Он устранял неисправности компьютеров в большом международном банке, который располагался рядом с аэропортом. Честно говоря, платили ему за это неприлично много. Но, увы, все заработанные деньги Джо спускал на туалеты от «Гуччи» и от «Версаче», вместо того чтобы переехать в более приличный район. Еще одной статьей расходов был развод. Венера с радостью согласилась на него, но тратить свои деньги не собиралась. Ни на развод, ни на формальности, связанные с получением Джо американского гражданства и новенького паспорта с орлом.
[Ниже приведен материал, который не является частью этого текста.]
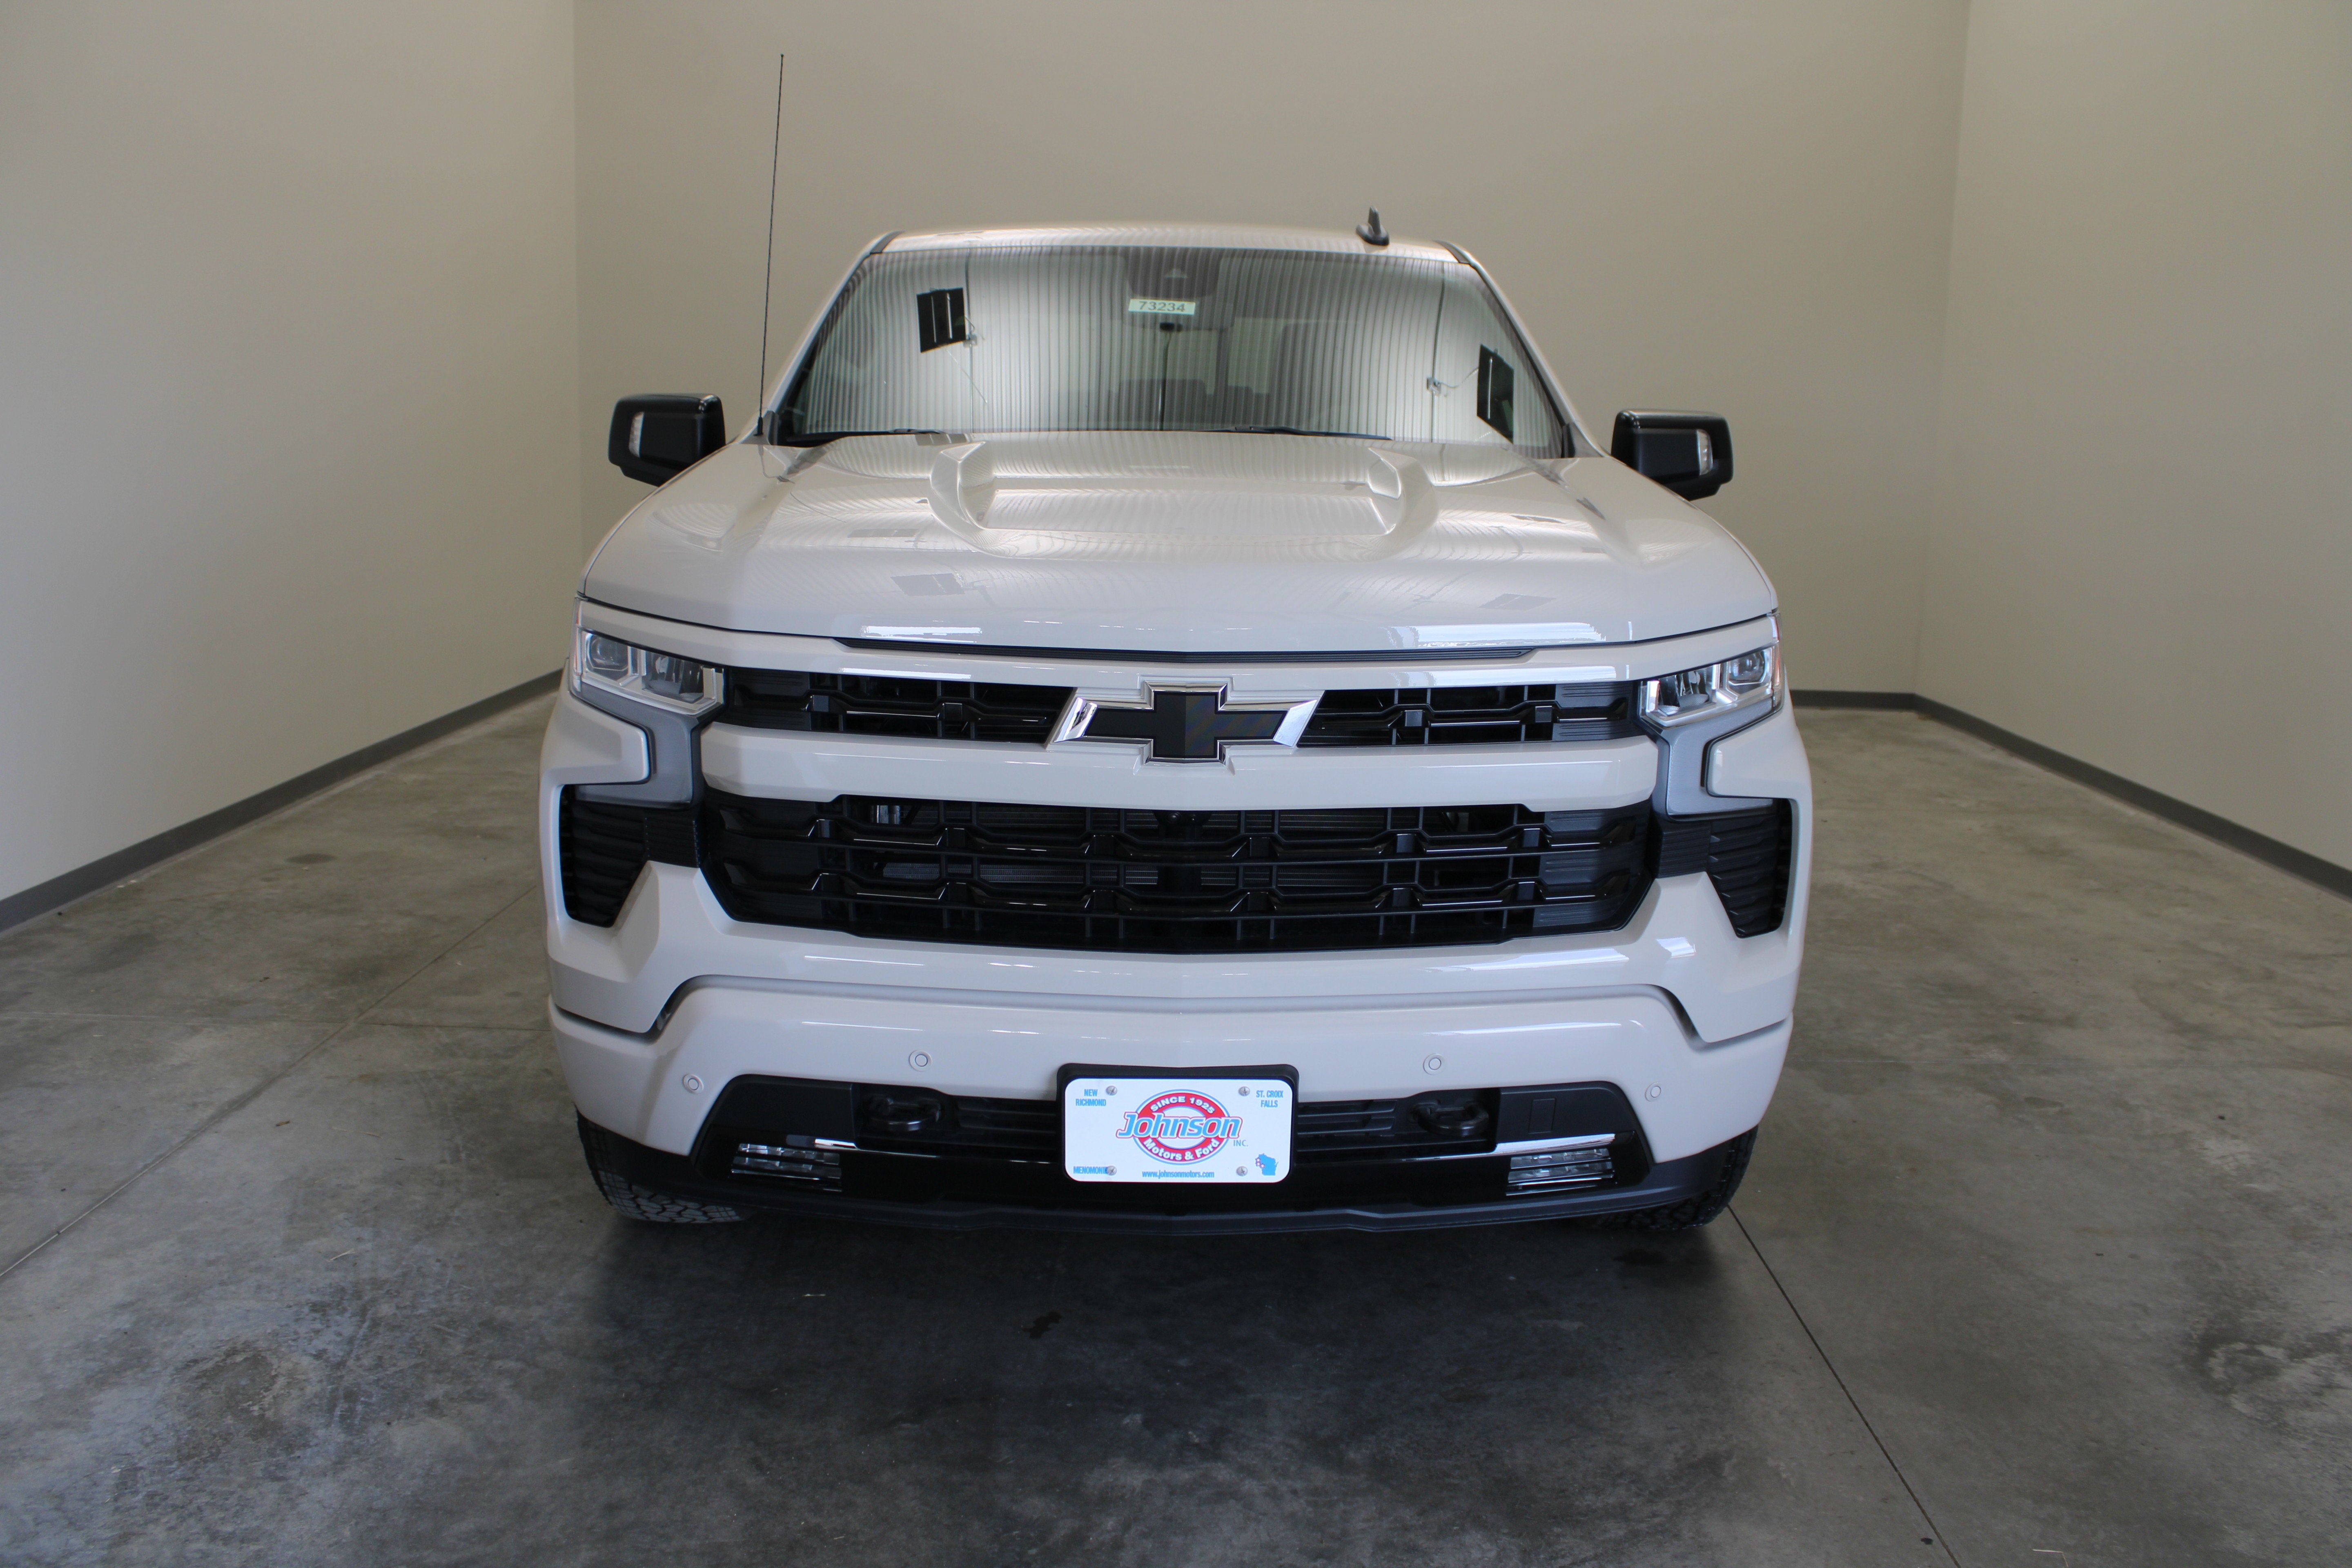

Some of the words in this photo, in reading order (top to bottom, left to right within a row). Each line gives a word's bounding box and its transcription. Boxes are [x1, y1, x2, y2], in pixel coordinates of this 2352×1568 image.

[1139, 301, 1185, 312] 73234
[1267, 1090, 1283, 1098] CROIX
[1150, 1096, 1185, 1112] SINCE
[1189, 1097, 1216, 1114] 1925
[1118, 1113, 1241, 1137] Johnson
[1144, 1138, 1182, 1160] Motors
[1185, 1152, 1194, 1160] &
[1195, 1139, 1219, 1158] Ford
[1142, 1170, 1214, 1179] www.johnsonmotors.com
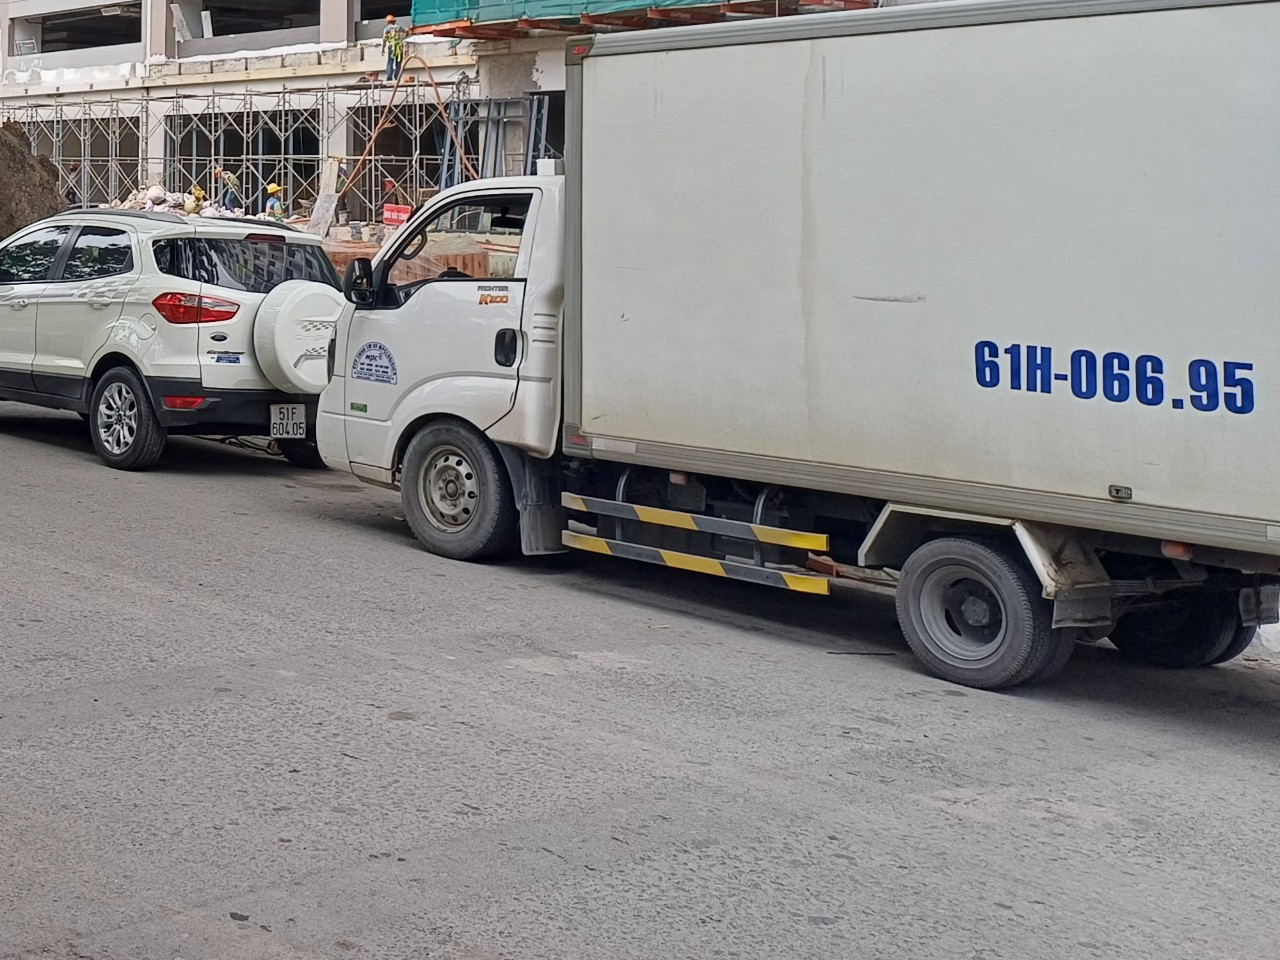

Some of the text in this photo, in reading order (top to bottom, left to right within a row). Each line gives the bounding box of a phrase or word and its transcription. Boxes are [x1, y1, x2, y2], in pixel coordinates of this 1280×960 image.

[974, 340, 1255, 414] 61H-066.95
[279, 407, 297, 421] 51F
[272, 422, 304, 436] 604.05
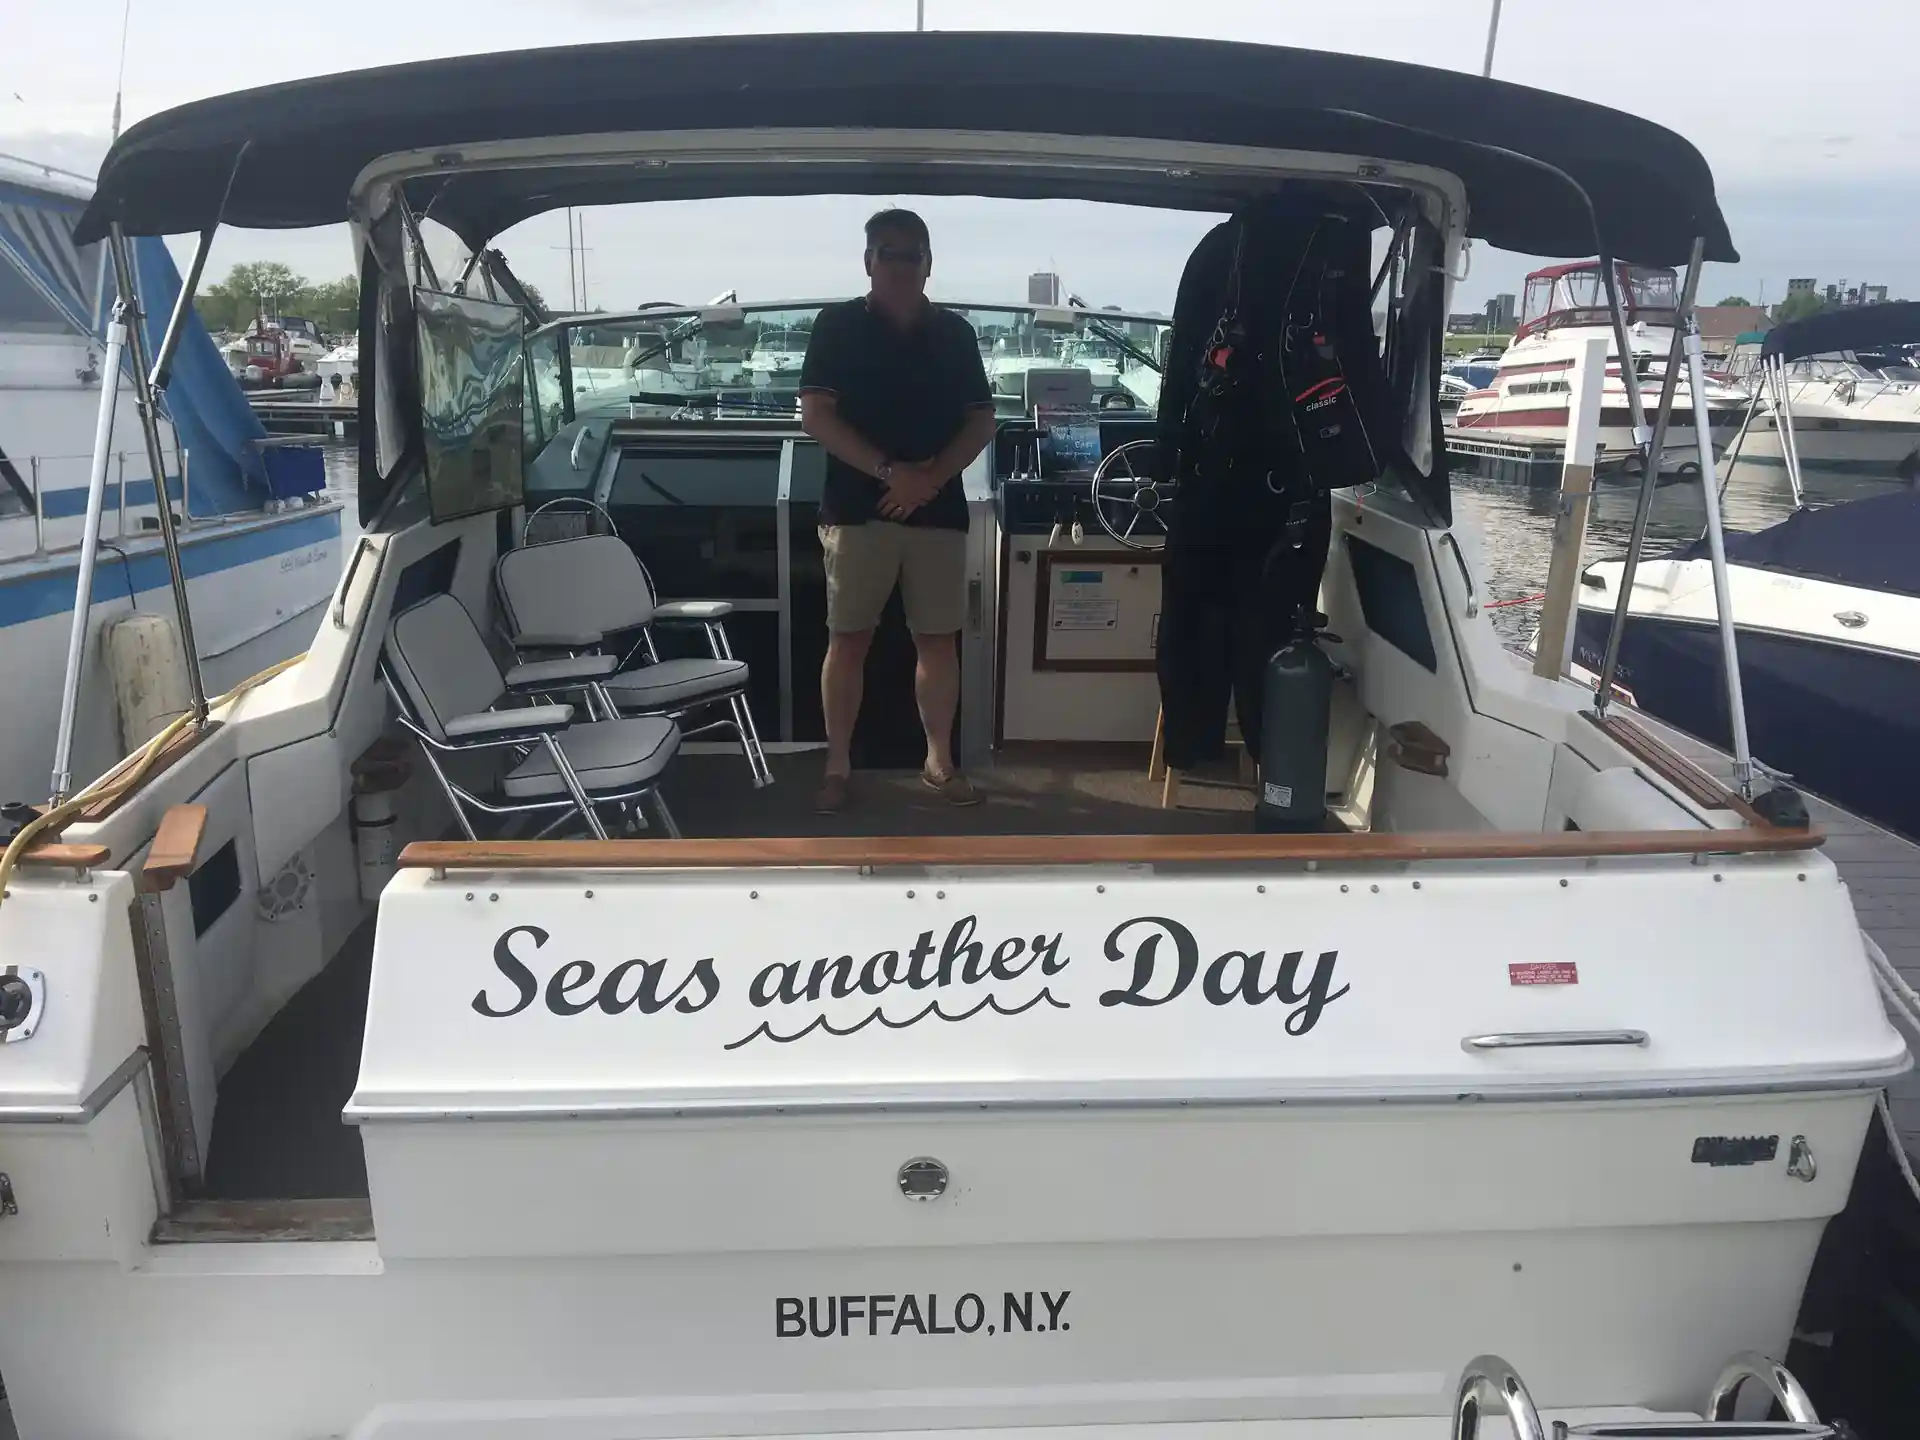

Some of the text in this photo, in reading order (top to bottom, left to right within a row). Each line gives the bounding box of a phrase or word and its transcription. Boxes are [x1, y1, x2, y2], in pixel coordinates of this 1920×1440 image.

[1306, 396, 1337, 412] classic
[472, 914, 1351, 1037] Seas another Day
Так что все эти расходы ему пришлось взять на себя.

Так или иначе, работа для Джо больше не была смыслом жизни.





— Помнишь, как я любил музыку? — спросил он меня в день моего приезда.

Я помнила только, что, когда мы жили вместе, Джо по пять раз на дню постоянно крутил сборники хитов «Квин». До сих пор при звуках «Богемской рапсодии» у меня начинается нервный тик.

— Я всегда мечтал петь, — заявил он.

Итак, все свободное время Джо посвящал новой мечте — стать величайшей оперной дивой со времен Марии Каллас.

«Или Дэни Ла Ру!» — написала Сима в письме. Накануне я поделилась с ней своим открытием по электронной почте.

Короче говоря, три вечера в неделю Джо в свете прожекторов косил под Джоанну Буавер, французскую певицу (как вам это нравится?). Он исполнял знаменитые мелодии из мюзиклов, за что получал одно бесплатное место там же, в клубе для трансвеститов «Ледибойз». В выходные дни у них выступал хороший певец.

Брэнди тоже пыталась пробить себе дорогу в мир звезд. Ей повезло немного больше. Совсем немного. Брэнди Рената была актрисой. Или, точнее говоря, актрисой, моделью и не только. Она бралась за все. Когда у Брэнди возникал перерыв между съемками в сериале, где у нее были, как правило, роли без текста, или в рекламе, она подрабатывала моделью, но при росте метр девяносто и бюсте, на котором можно было бы накрыть фуршет, ей удавалось позировать только в рекламе нижнего белья. Или совсем без белья. За это платили хорошие деньги, но каждый раз, снимая лифчик, Брэнди рисковала нарваться на полицию нравов.

— На самом деле я актриса! — периодически восклицала она.

— Ты, безусловно, имеешь право обидеться на искусство, — отвечал Толстый Джо.

Когда я приехала в Лос-Анджелес, агент Брэнди как раз предложил ей контракт на участие в шоу Дрю Кери. Неделю спустя, когда выяснилось, что агент упустил этот контракт, нам было запрещено включать телевизор и смотреть что бы то ни было с участием Дрю Кери, если Брэнди была дома. Еще через неделю у нас украли телевизор. Больше всего расстроилась Брэнди — последнюю неделю она все свое свободное время крутила по видику клипы восьмидесятых и «учебные» фильмы с названиями типа «Как заарканить богача».

— У каждого человека должен быть план про запас, — говорила она.

План Брэнди заключался в том, чтобы удачно выйти замуж. Джо тоже хотел жениться снова. А о чем мечтала я? Как я вскоре поняла, все, кто жили в Лос-Анджелесе, приехали туда за мечтой. А когда столько людей преследуют одну и ту же цель — подняться на первое место с кубком в руках, — шансы на то, чтобы завоевать долгожданный приз, неотвратимо тают, по мере того как становишься старше, толще и некрасивее.